:: Problem requirements ::
With the pictures omitted, write out the entries that follow exactly as they stand.

:: Supplied material ::
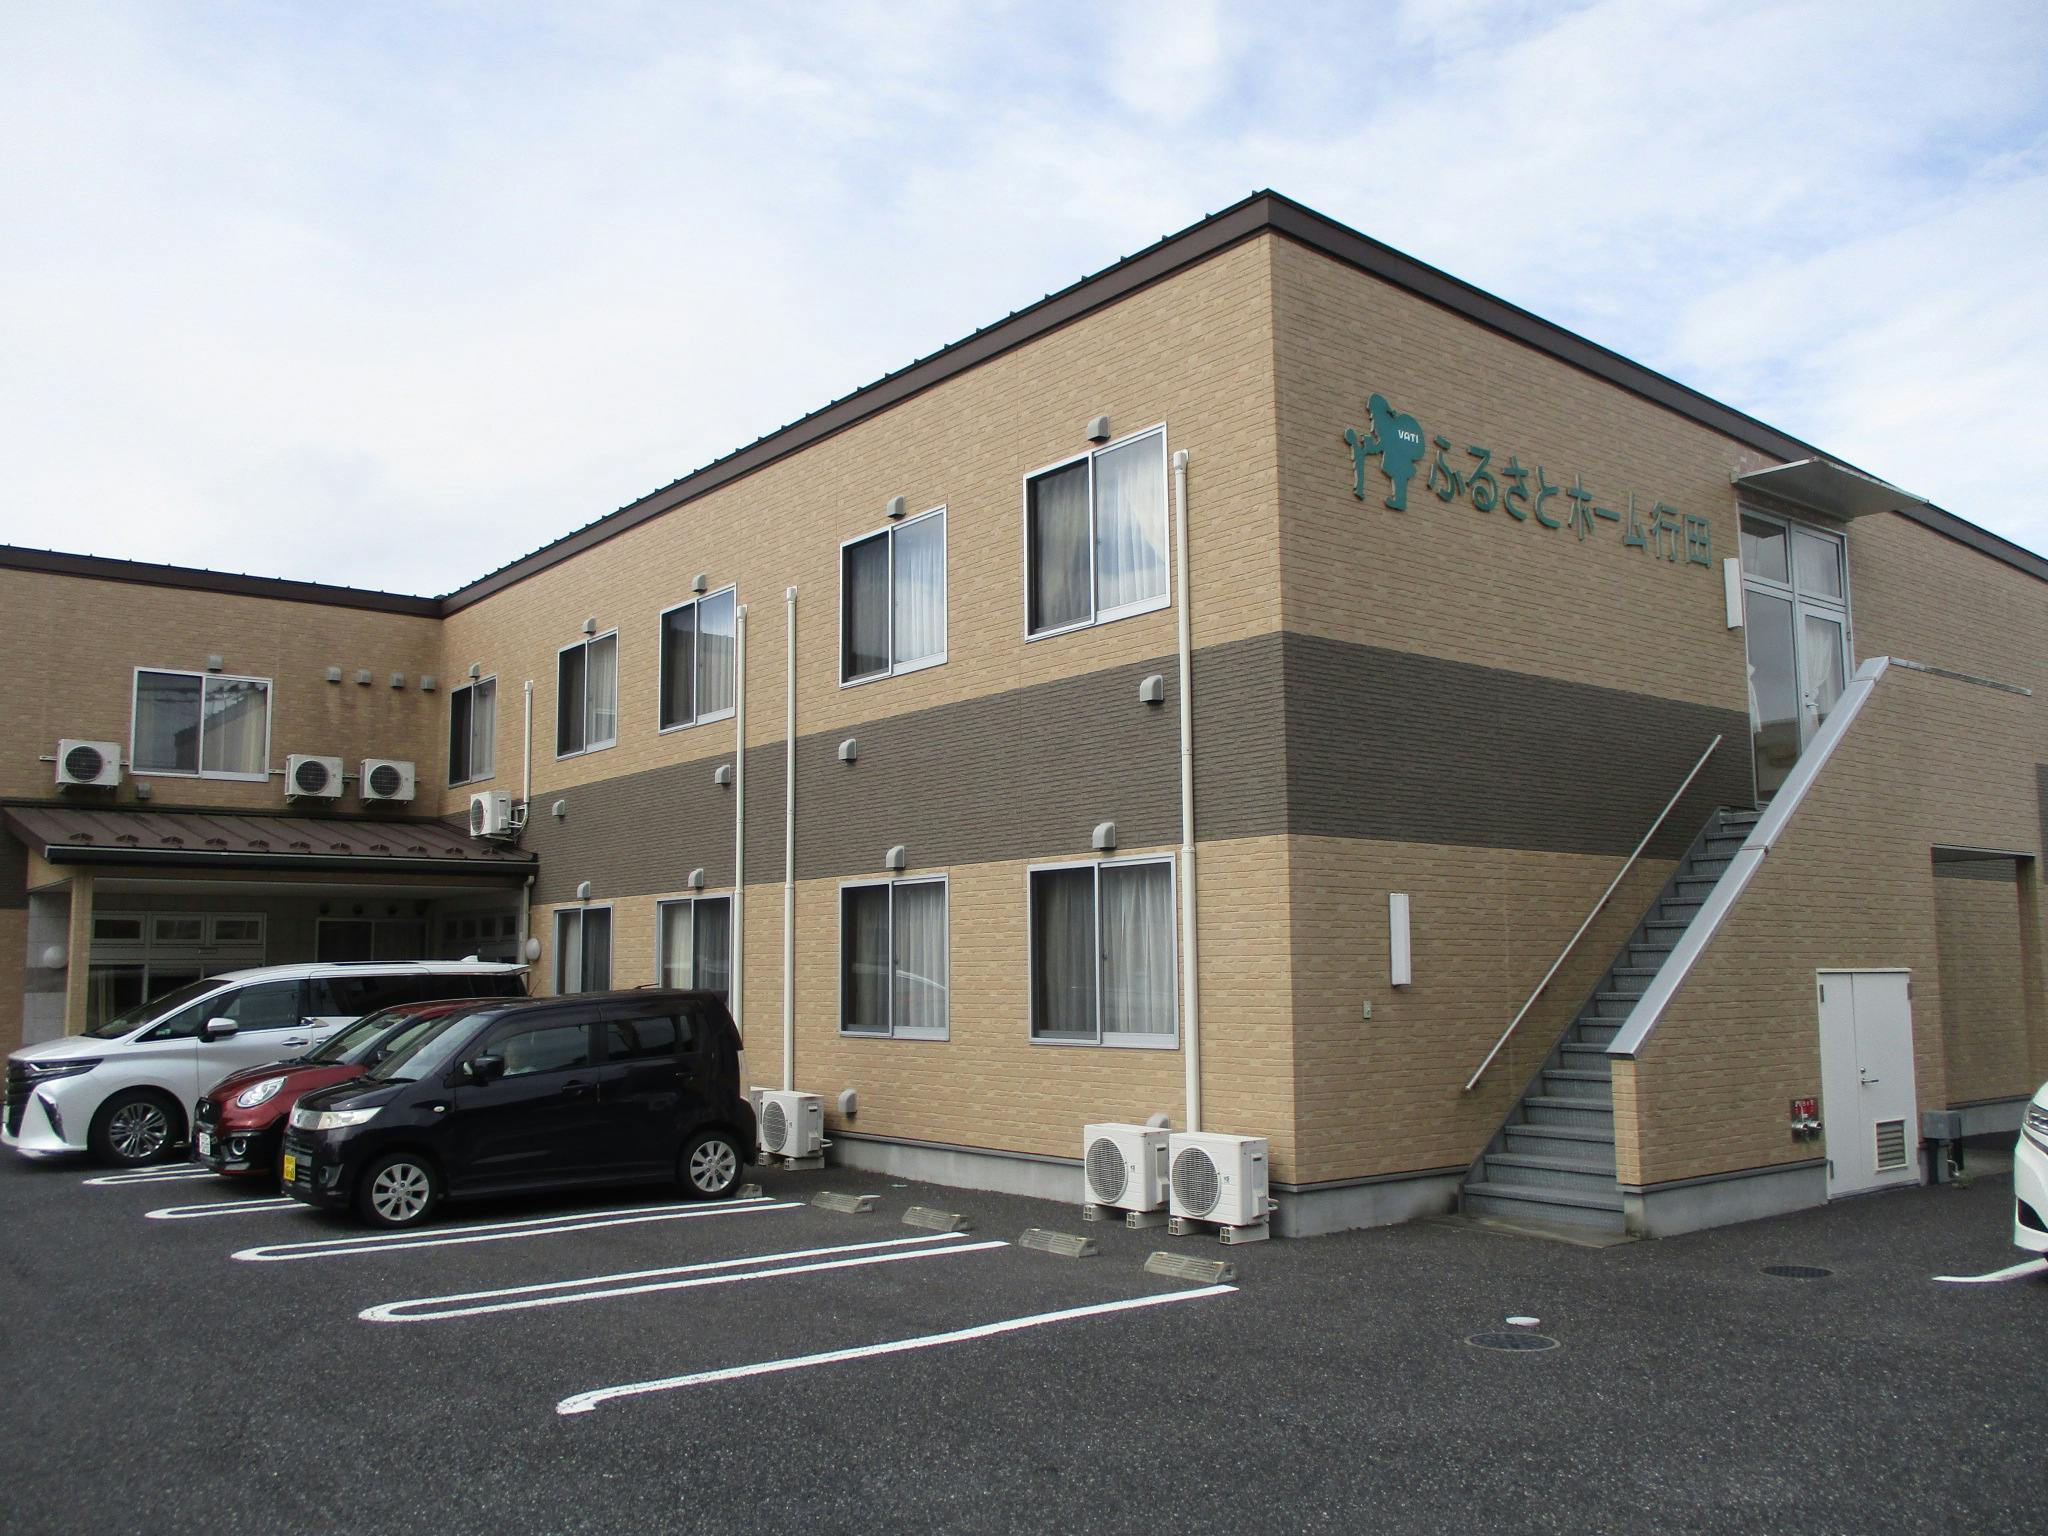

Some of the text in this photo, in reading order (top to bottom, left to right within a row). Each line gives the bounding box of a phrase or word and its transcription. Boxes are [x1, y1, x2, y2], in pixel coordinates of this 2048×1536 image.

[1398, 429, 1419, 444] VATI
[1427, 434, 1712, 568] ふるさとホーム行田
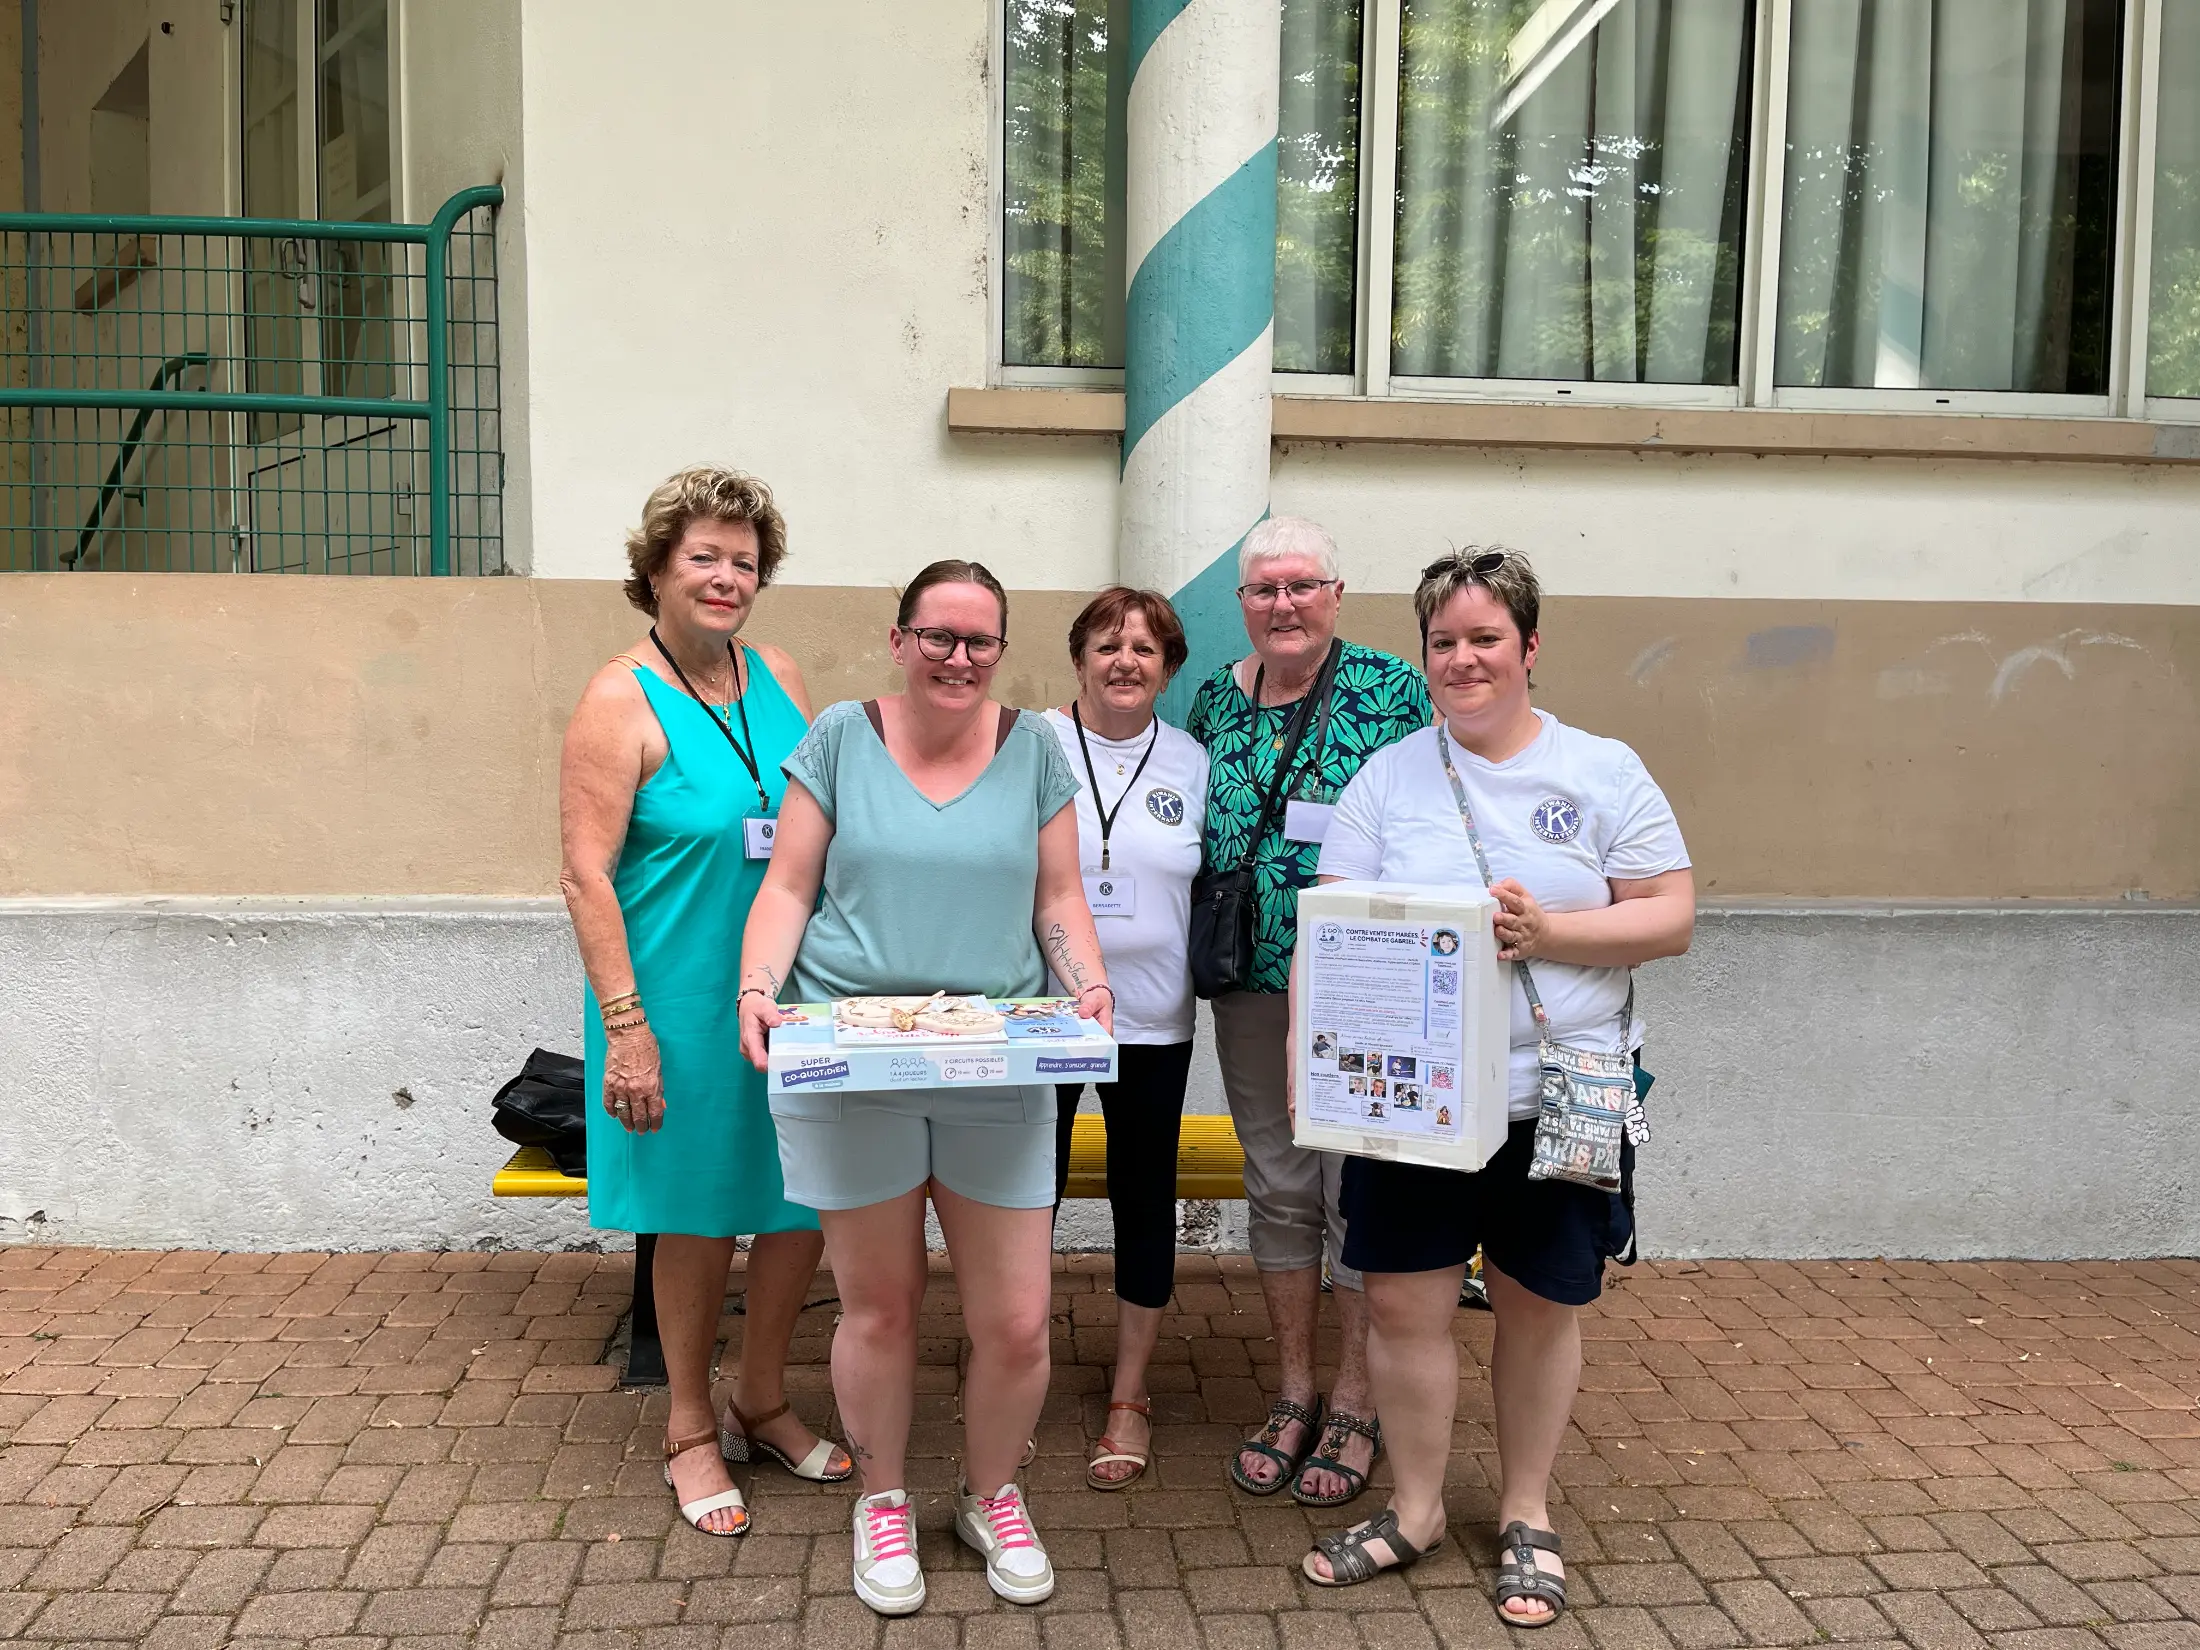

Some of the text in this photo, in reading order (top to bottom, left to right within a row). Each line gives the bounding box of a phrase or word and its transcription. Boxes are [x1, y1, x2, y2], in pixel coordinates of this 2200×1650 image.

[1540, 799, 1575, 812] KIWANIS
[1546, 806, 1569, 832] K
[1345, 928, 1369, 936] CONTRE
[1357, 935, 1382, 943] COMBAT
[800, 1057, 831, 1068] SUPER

:: Output for this exercise ::
Some of the text in this photo, in reading order (top to bottom, left to right within a row). Each line gives the bounding box of a phrase or word and its transcription. Boxes are [x1, y1, x2, y2], in pixel coordinates of this 2048×1536 image.

[1398, 429, 1419, 444] VATI
[1427, 434, 1712, 568] ふるさとホーム行田

Some of the text in this photo, in reading order (top to bottom, left to right within a row). Each line gives the bounding box of a phrase or word and its transcription. Boxes are [x1, y1, x2, y2], in pixel coordinates of this 2200×1650 image.

[1540, 799, 1575, 812] KIWANIS
[1546, 806, 1569, 832] K
[1345, 928, 1369, 936] CONTRE
[1357, 935, 1382, 943] COMBAT
[800, 1057, 831, 1068] SUPER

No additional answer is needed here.